Dr. Raizman offers 8 ways parents can encourage early speech in their baby.
- Talk to your baby. He loves to hear your voice. Whether you’re walking around your house with him or just talking to yourself, it’s good for your baby to hear language, vowel and consonant sounds, and different inflections in your voice.
- Copy his coos and babbles. Imitate your baby’s “bah” and “ah-goo,” then follow up by saying some simple words that contain the same sound.
- Have “conversations” and wait for a pause in your baby’s babble to “answer.” The give-and-take of these early discussions will set the stage for those first real words and conversations in the months to come.

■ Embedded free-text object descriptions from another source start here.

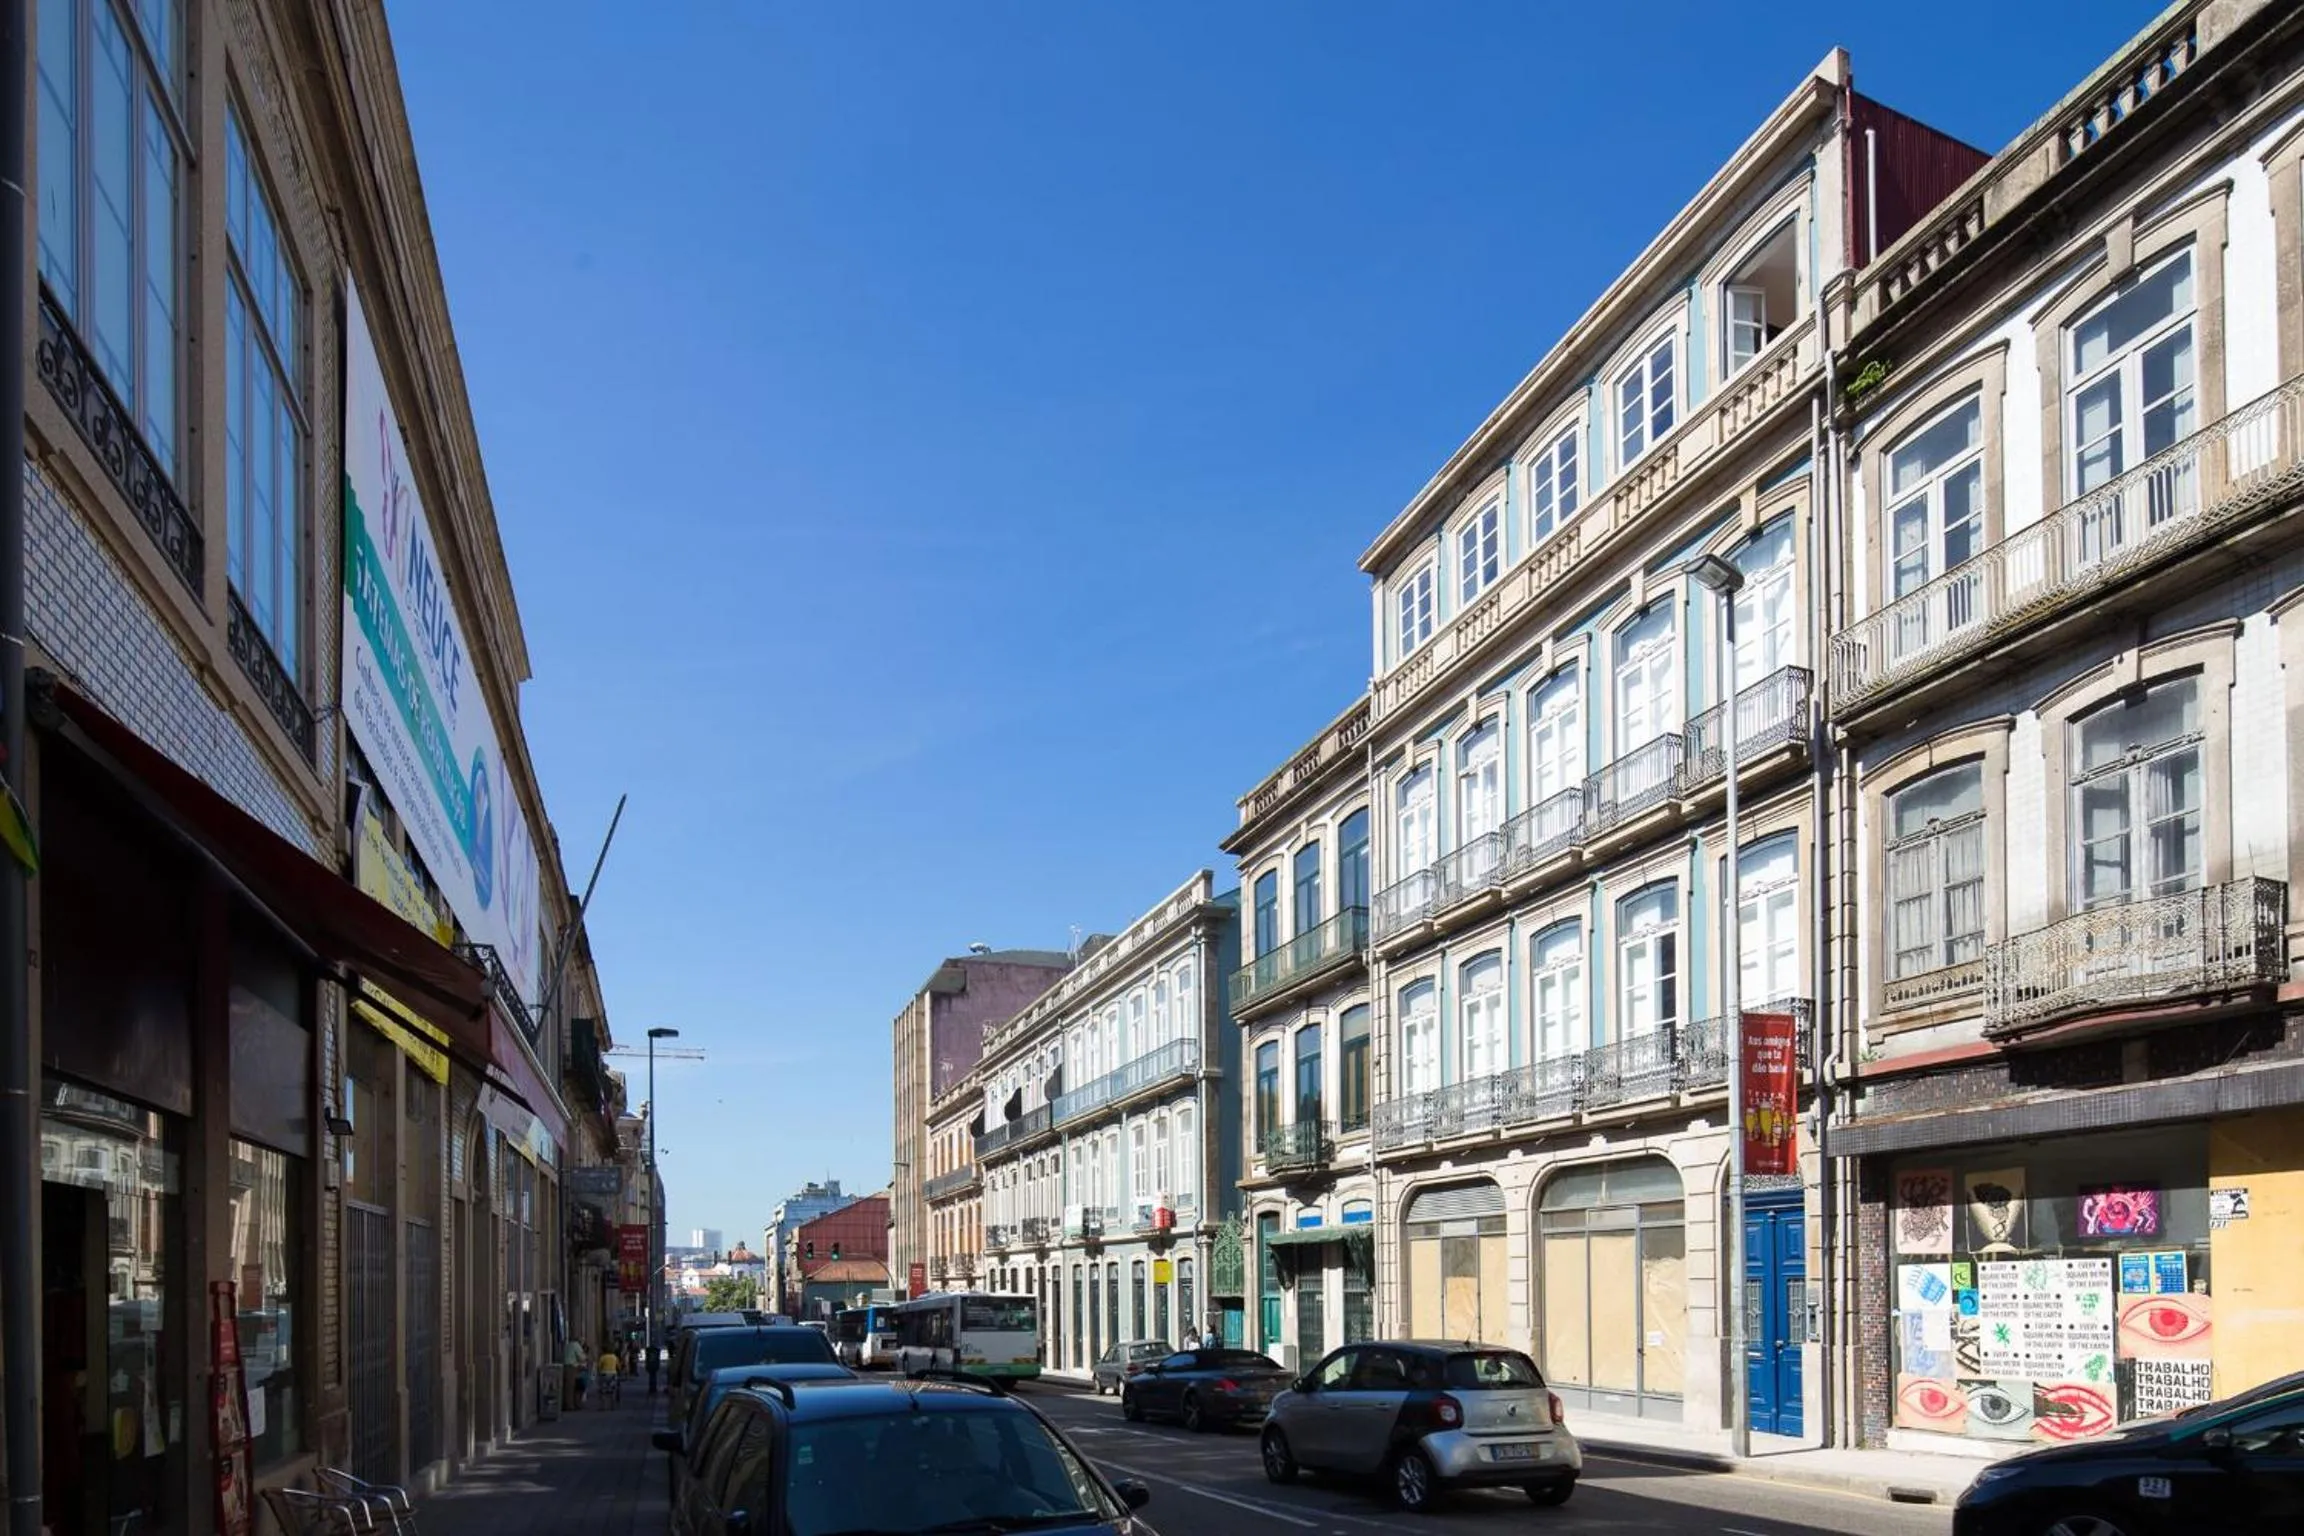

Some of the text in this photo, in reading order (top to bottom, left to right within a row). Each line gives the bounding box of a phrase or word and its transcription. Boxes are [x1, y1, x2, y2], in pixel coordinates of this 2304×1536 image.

[357, 543, 406, 692] SISTEMAS
[408, 514, 460, 713] NEUCE
[2137, 1362, 2210, 1376] TRABALHO
[2138, 1374, 2211, 1388] TRABALHO
[2138, 1386, 2211, 1401] TRABALHO
[2138, 1398, 2194, 1411] TRABA

- Name familiar people, objects and activities to introduce simple words that apply to everyday life. Babies understand words long before they can say them, so use real words mixed in with baby talk.
- Slow your speech and emphasize single words when you talk to your baby. For example, say: “Do you want a toy? This is your toy,” as you show it to him. Then wait for a response.
- Make talking a whole-body experience by touching your baby’s toe when you say the word “toe.” Or, point out your own ear and say, “Mommy’s (or Daddy’s) ear.” Face your baby when you speak to let him see your facial expression and lip movements.
- Sing or rhyme to your baby to encourage language learning. By listening to the words, babies learn to recognize and repeat them. Throw in hand gestures and vary the style and tempo of the music to keep your baby’s attention.
- Read to your baby from large, colorful picture books, and encourage him to turn the pages. Give your baby a chance to “read” and “answer” your questions.
“During the first year, babies typically follow a pretty set schedule for language,” said Dr. Raizman. “It’s very important to encourage language in the first year because it will make a difference when they’re school age, but know that it won’t necessarily help them reach language milestones faster in the first year.”